Following the release of the latest accountable care organization (ACO) participation numbers from the CMS, the National Association of ACOs (NAACOS) authored its own take on the latest data around the Medicare Shared Savings Program, Medicare’s largest and most prominent value-based payment program serving 11 million patients. That take was published today in the Health Affairs Blog.
CMS, last year, enacted several changes to the ACO program, emphasizing the need to take on financial risk for assigned patients. When those changes took effect on July 1, participation in Medicare’s preeminent ACO program fell from 561 to 518. While not yet a reason to sound an alarm, the dip in participation in 2019 will be problematic for Medicare if it continues, and policy makers should pay close attention as we move forward. ACOs are the dominant alternative payment model that exists today, and if participation drops following CMS’s changes last year, it threatens years of work to transform our delivery and payment system to better reward value and quality. This year could be an anomaly given the midyear application cycle and ACOs waiting to see how last year’s regulatory changes unfold.
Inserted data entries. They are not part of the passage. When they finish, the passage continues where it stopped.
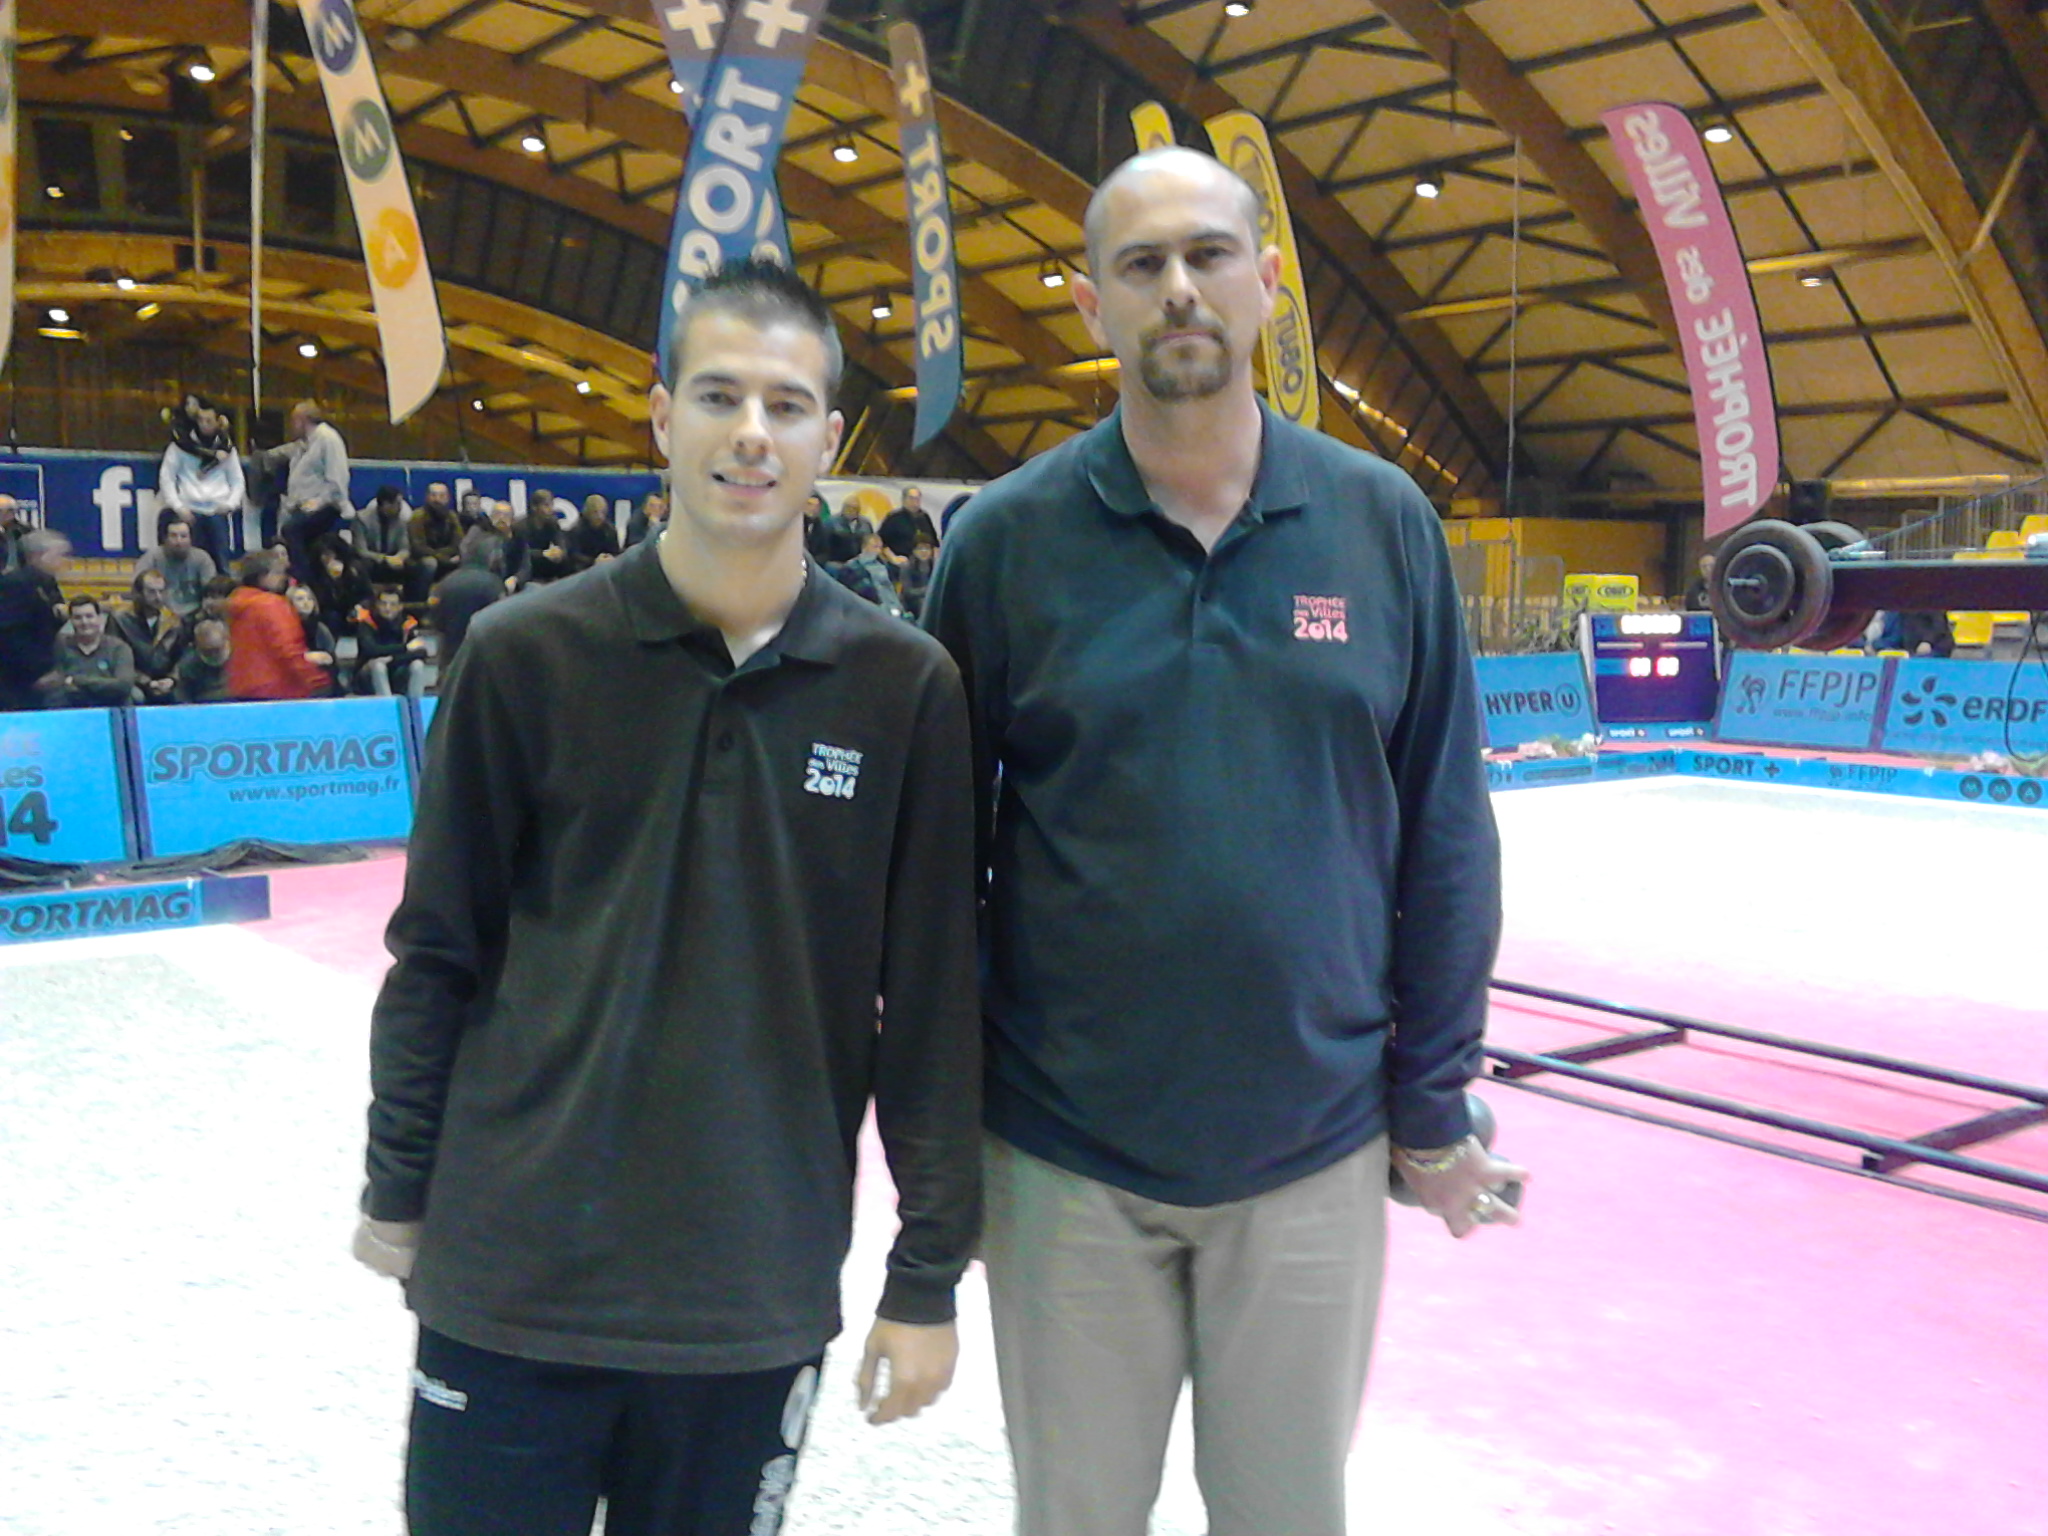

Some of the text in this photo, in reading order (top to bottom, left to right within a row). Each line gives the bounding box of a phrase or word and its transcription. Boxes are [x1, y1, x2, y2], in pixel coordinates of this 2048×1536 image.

[1294, 617, 1348, 643] 2014
[1485, 691, 1555, 715] HYPER
[1779, 669, 1877, 708] FFPJP
[152, 734, 396, 782] SPORTMAG
[1693, 754, 1755, 776] SPORT
[228, 776, 400, 804] www.sportmag.fr
[803, 767, 856, 800] 2014
[0, 892, 190, 934] PORTMAG
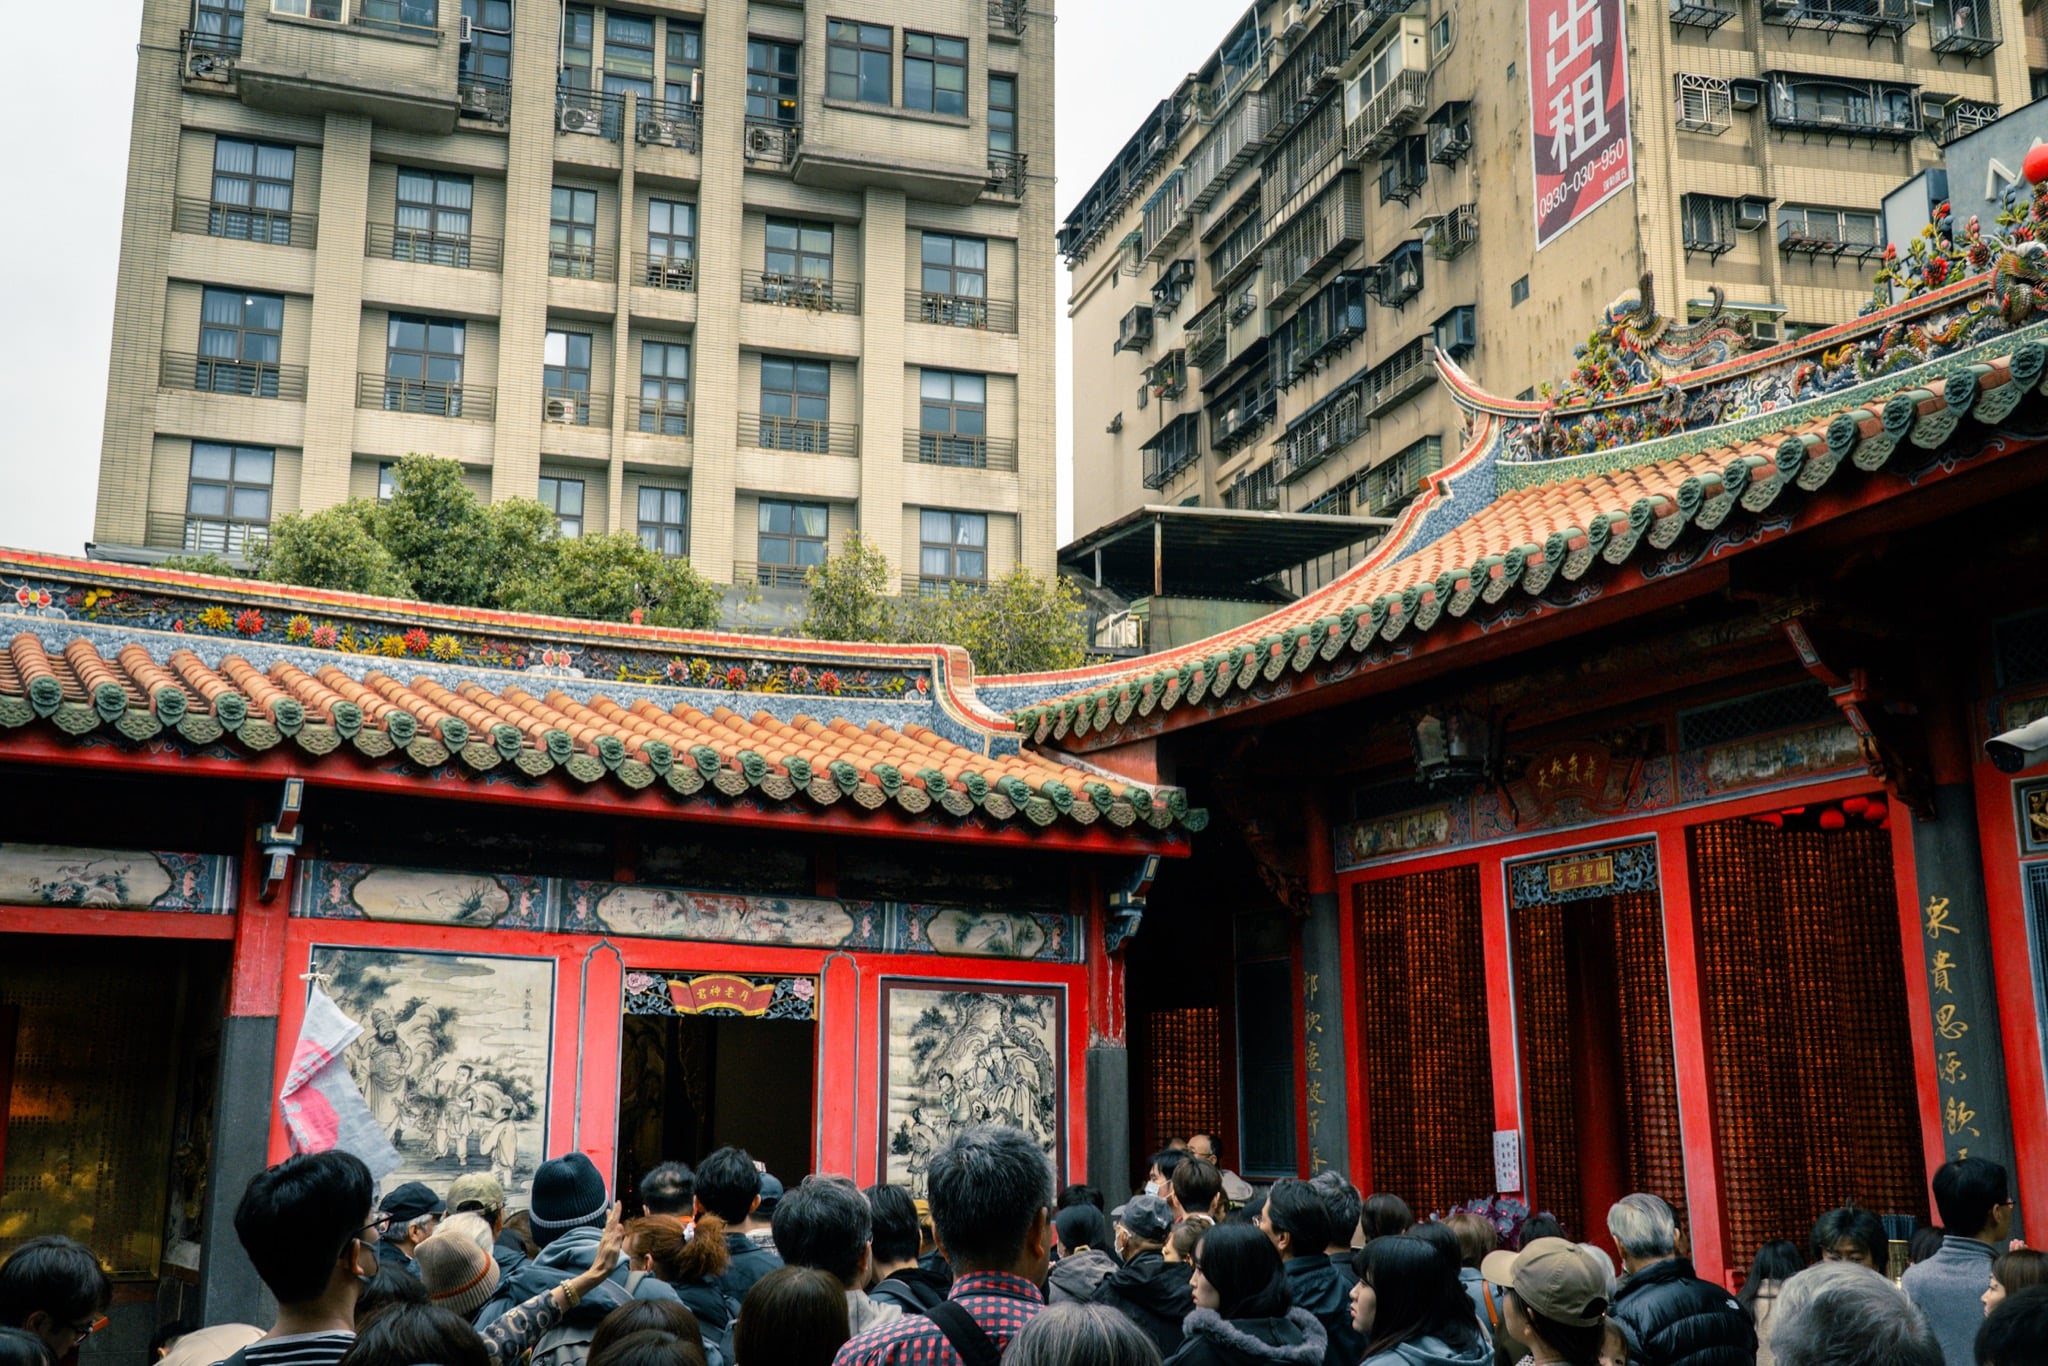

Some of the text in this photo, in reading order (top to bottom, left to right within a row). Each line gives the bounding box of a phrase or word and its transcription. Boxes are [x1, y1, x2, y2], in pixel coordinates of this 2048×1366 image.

[1547, 0, 1610, 173] 出租
[1540, 138, 1625, 217] 0930-030-950
[1554, 861, 1609, 886] 關聖帝君
[696, 984, 749, 1002] 月老神君
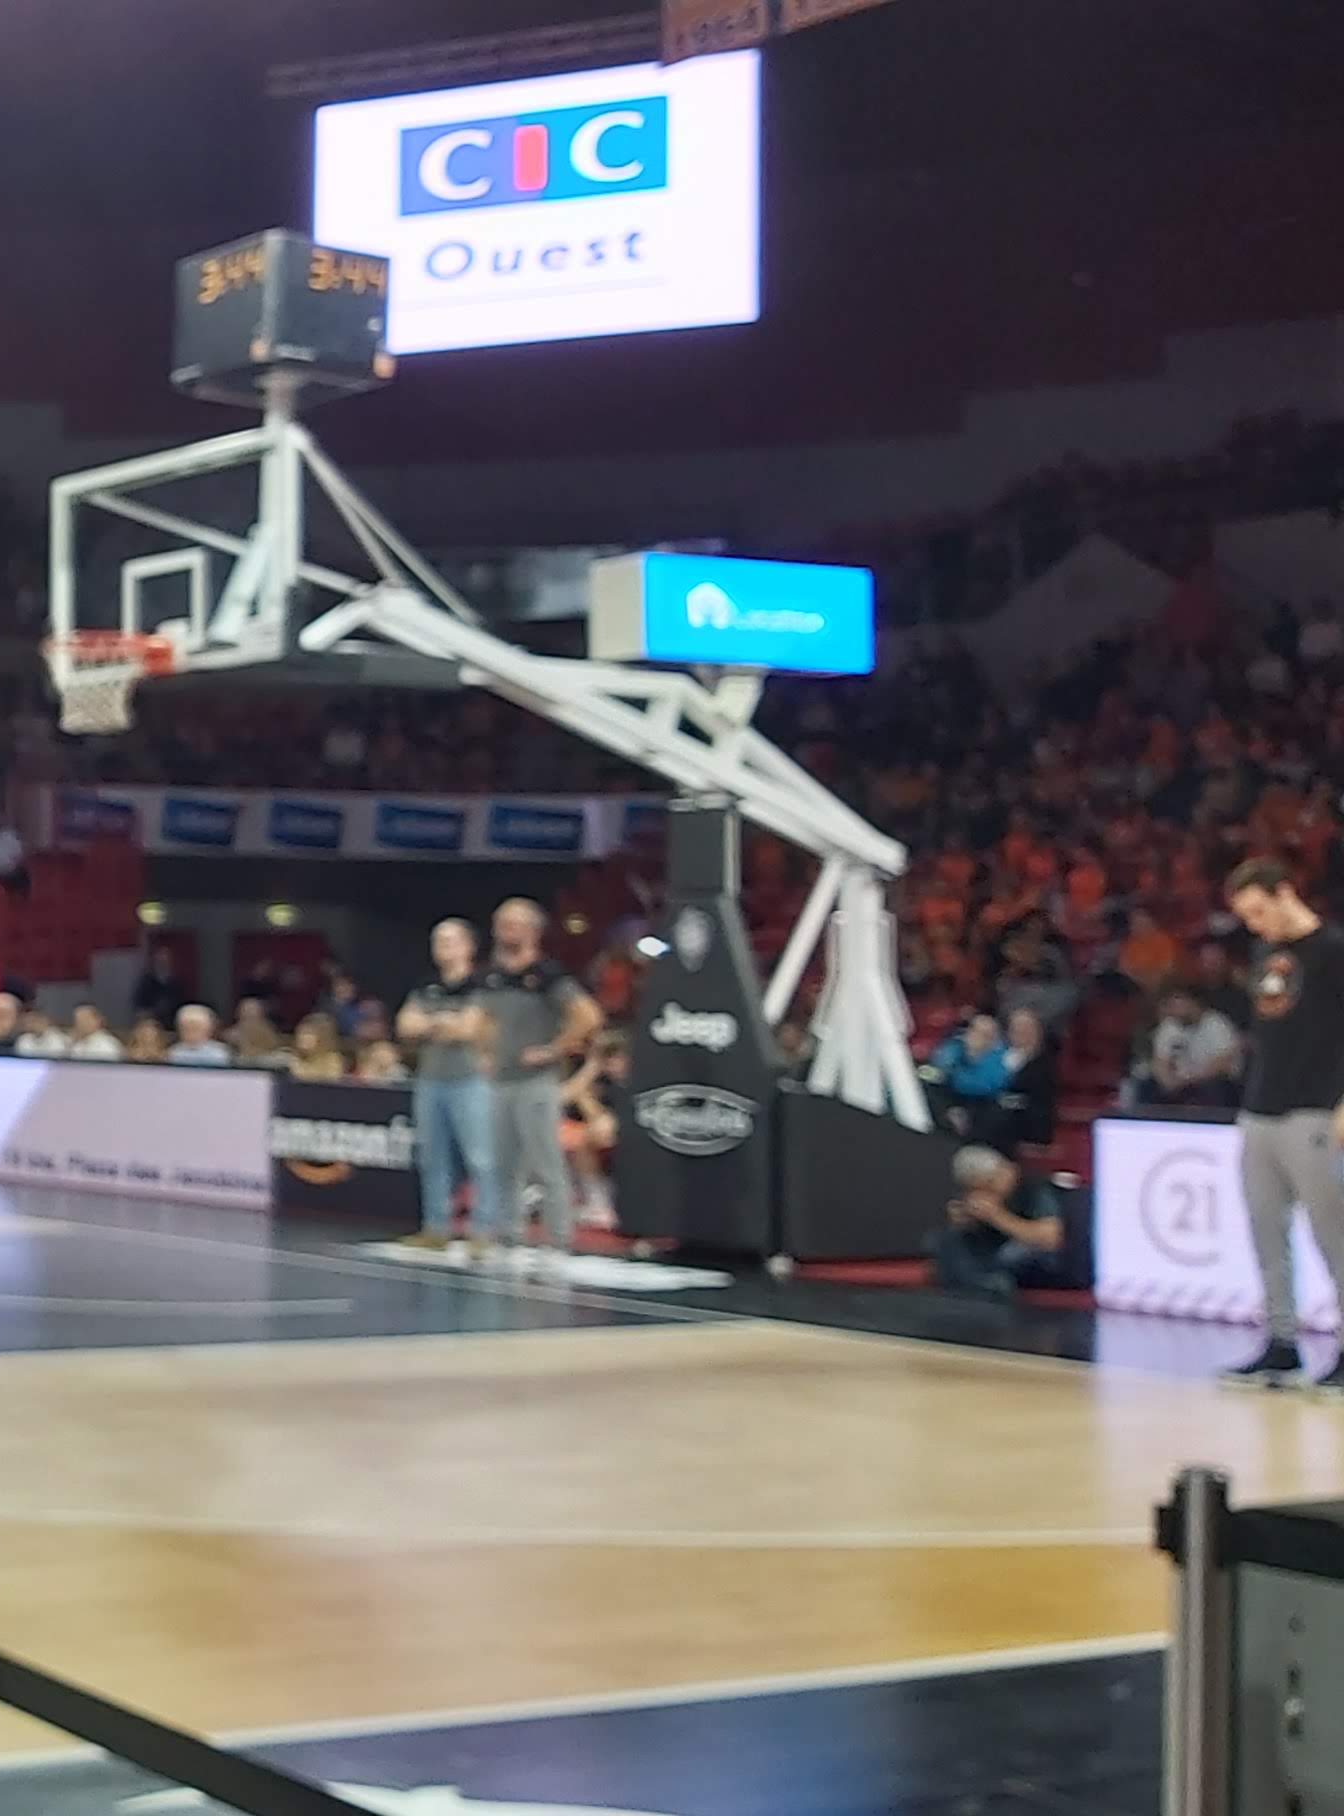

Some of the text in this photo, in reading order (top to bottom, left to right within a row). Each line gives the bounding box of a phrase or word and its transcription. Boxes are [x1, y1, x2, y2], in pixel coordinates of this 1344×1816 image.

[419, 109, 646, 201] CIC
[425, 230, 646, 280] Ouest
[649, 1000, 739, 1054] Jeep
[1168, 1182, 1219, 1233] 21
Evidence continues to build that ACOs are helping Medicare lower the rate of spending. More “counterfactual” data, which compares Medicare spending to what spending would be like in the absence of ACOs, are available and all show ACOs are lowering Medicare spending by 1% to 2%, which translates into tens of billions of dollars of reduced Medicare spending when compounded annually. Researchers at Harvard University, the Medicare Payment Advisory Commission, and NAACOS have all done such work.
Medicare ACOs in 2017 showed a continuing trend of ACOs saving money compared to the CMS-set benchmarks. CMS acknowledged “spillover” savings in last August’s proposed Pathways rule, pointing out that ACOs lowered Medicare spending outside the ACO program by $1.8—$4.2 billion in 2016 alone in such ways as lower Medicare Advantage payments.